The Achilles' heel for Rivian seems to be expenses. They have consistently risen and currently sit at an all-time high of more than $2.77 billion. With revenue of just $1.3 billion, Rivian's lack of income has forced it to utilize cash reserves to keep operations running.

As a small silver lining, it did have one of the largest initial public offerings (IPOs) for an American company in nearly a decade when it debuted on the Nasdaq Stock Market in November 2021. By going public, Rivian raised nearly $13 billion and amassed a total cash position worth $19.9 billion. But since then, the absence of profits has reduced this number by more than 60%, and it is worth just $7.9 billion today.

RIVN Total Expenses (Quarterly) Chart

RIVN data by YCharts

You should keep Rivian on your radar

While Rivian's current financial status is concerning, ongoing developments could help it reverse course. The most apparent is the construction of a massive state-of-the-art factory outside Atlanta, Georgia.
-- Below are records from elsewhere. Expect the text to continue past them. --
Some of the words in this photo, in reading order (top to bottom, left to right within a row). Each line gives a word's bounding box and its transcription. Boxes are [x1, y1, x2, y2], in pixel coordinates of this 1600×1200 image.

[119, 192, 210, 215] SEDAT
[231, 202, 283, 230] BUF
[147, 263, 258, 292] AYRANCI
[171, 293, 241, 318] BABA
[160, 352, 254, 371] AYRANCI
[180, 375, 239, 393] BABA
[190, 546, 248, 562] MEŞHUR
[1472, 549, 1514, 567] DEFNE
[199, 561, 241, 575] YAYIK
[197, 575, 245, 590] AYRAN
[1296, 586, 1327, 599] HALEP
Construction is set to begin this year with phase 1 expected to be complete by 2026 and to increase production by 200,000 vehicles. Once fully operational in 2030, Rivian expects the factory will pump out 400,000 cars a year.

Furthermore, the prospects of new in-house battery development could lower costs significantly. Executives believe that the new cheaper and lighter battery pack unveiled in December 2023 will "take thousands of dollars of costs" and "additional mass out" to help streamline production.

It likely isn't time to ring the alarm bells on Rivian. But until these developments begin to take hold and provide tangible results, it might be best to avoid the stock for 2024. I plan on keeping a close eye on Rivian moving forward as there is considerable reason to be hopeful of its long-term potential. When the time comes, I will gladly reconsider giving it a spot in my portfolio.